Available records >>
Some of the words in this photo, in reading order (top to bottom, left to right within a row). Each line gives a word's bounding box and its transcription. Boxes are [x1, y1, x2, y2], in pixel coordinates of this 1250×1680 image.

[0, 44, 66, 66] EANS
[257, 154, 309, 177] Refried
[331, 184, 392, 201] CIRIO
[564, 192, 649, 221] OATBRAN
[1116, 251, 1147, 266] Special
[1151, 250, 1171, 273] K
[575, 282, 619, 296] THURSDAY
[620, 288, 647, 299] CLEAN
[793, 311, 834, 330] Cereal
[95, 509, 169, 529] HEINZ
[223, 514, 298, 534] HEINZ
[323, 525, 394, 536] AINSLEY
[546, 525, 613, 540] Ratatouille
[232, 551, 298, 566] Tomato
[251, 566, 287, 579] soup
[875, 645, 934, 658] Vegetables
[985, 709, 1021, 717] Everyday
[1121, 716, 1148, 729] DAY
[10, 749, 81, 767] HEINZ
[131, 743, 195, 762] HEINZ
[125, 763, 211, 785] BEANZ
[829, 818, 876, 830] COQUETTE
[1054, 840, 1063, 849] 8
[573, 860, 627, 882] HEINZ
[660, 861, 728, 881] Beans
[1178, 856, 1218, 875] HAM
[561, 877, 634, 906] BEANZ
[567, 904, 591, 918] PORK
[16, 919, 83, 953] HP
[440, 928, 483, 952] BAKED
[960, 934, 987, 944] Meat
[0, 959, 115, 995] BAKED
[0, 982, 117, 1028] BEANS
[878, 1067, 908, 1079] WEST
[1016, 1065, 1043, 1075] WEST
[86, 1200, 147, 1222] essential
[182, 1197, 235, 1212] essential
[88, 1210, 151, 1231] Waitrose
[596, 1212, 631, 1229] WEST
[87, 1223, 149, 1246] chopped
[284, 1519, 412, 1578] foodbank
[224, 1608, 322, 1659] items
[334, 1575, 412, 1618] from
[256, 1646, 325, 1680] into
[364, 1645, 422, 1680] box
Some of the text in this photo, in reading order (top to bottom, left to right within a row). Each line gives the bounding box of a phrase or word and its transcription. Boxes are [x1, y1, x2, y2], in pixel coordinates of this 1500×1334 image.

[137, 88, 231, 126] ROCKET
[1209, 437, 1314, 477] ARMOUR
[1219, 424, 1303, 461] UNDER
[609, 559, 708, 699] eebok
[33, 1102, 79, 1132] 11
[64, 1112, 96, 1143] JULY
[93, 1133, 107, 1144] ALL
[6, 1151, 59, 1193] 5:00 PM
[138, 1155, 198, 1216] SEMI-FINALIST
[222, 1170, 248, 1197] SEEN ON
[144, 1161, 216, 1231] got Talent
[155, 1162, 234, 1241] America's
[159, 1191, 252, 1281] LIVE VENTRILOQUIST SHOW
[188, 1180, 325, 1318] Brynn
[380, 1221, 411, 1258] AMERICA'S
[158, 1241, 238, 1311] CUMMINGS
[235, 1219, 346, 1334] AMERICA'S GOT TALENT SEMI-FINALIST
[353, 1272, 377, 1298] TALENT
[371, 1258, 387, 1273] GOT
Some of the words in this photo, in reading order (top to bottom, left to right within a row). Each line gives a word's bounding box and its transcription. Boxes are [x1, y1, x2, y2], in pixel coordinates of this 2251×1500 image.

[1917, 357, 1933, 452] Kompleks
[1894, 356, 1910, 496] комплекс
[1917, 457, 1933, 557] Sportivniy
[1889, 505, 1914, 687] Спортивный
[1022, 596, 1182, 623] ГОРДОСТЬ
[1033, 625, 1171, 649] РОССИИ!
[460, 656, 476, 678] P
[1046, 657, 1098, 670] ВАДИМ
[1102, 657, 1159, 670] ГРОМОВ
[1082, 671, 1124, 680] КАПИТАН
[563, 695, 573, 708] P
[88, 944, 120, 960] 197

Exercise objective >>
Every record here must be output exactly, word for word.

Answer section >>
Some of the words in this photo, in reading order (top to bottom, left to right within a row). Each line gives a word's bounding box and its transcription. Boxes are [x1, y1, x2, y2], in pixel coordinates of this 1250×1680 image.

[0, 44, 66, 66] EANS
[257, 154, 309, 177] Refried
[331, 184, 392, 201] CIRIO
[564, 192, 649, 221] OATBRAN
[1116, 251, 1147, 266] Special
[1151, 250, 1171, 273] K
[575, 282, 619, 296] THURSDAY
[620, 288, 647, 299] CLEAN
[793, 311, 834, 330] Cereal
[95, 509, 169, 529] HEINZ
[223, 514, 298, 534] HEINZ
[323, 525, 394, 536] AINSLEY
[546, 525, 613, 540] Ratatouille
[232, 551, 298, 566] Tomato
[251, 566, 287, 579] soup
[875, 645, 934, 658] Vegetables
[985, 709, 1021, 717] Everyday
[1121, 716, 1148, 729] DAY
[10, 749, 81, 767] HEINZ
[131, 743, 195, 762] HEINZ
[125, 763, 211, 785] BEANZ
[829, 818, 876, 830] COQUETTE
[1054, 840, 1063, 849] 8
[573, 860, 627, 882] HEINZ
[660, 861, 728, 881] Beans
[1178, 856, 1218, 875] HAM
[561, 877, 634, 906] BEANZ
[567, 904, 591, 918] PORK
[16, 919, 83, 953] HP
[440, 928, 483, 952] BAKED
[960, 934, 987, 944] Meat
[0, 959, 115, 995] BAKED
[0, 982, 117, 1028] BEANS
[878, 1067, 908, 1079] WEST
[1016, 1065, 1043, 1075] WEST
[86, 1200, 147, 1222] essential
[182, 1197, 235, 1212] essential
[88, 1210, 151, 1231] Waitrose
[596, 1212, 631, 1229] WEST
[87, 1223, 149, 1246] chopped
[284, 1519, 412, 1578] foodbank
[224, 1608, 322, 1659] items
[334, 1575, 412, 1618] from
[256, 1646, 325, 1680] into
[364, 1645, 422, 1680] box
Some of the text in this photo, in reading order (top to bottom, left to right within a row). Each line gives the bounding box of a phrase or word and its transcription. Boxes are [x1, y1, x2, y2], in pixel coordinates of this 1500×1334 image.

[137, 88, 231, 126] ROCKET
[1209, 437, 1314, 477] ARMOUR
[1219, 424, 1303, 461] UNDER
[609, 559, 708, 699] eebok
[33, 1102, 79, 1132] 11
[64, 1112, 96, 1143] JULY
[93, 1133, 107, 1144] ALL
[6, 1151, 59, 1193] 5:00 PM
[138, 1155, 198, 1216] SEMI-FINALIST
[222, 1170, 248, 1197] SEEN ON
[144, 1161, 216, 1231] got Talent
[155, 1162, 234, 1241] America's
[159, 1191, 252, 1281] LIVE VENTRILOQUIST SHOW
[188, 1180, 325, 1318] Brynn
[380, 1221, 411, 1258] AMERICA'S
[158, 1241, 238, 1311] CUMMINGS
[235, 1219, 346, 1334] AMERICA'S GOT TALENT SEMI-FINALIST
[353, 1272, 377, 1298] TALENT
[371, 1258, 387, 1273] GOT
Some of the words in this photo, in reading order (top to bottom, left to right within a row). Each line gives a word's bounding box and its transcription. Boxes are [x1, y1, x2, y2], in pixel coordinates of this 2251×1500 image.

[1917, 357, 1933, 452] Kompleks
[1894, 356, 1910, 496] комплекс
[1917, 457, 1933, 557] Sportivniy
[1889, 505, 1914, 687] Спортивный
[1022, 596, 1182, 623] ГОРДОСТЬ
[1033, 625, 1171, 649] РОССИИ!
[460, 656, 476, 678] P
[1046, 657, 1098, 670] ВАДИМ
[1102, 657, 1159, 670] ГРОМОВ
[1082, 671, 1124, 680] КАПИТАН
[563, 695, 573, 708] P
[88, 944, 120, 960] 197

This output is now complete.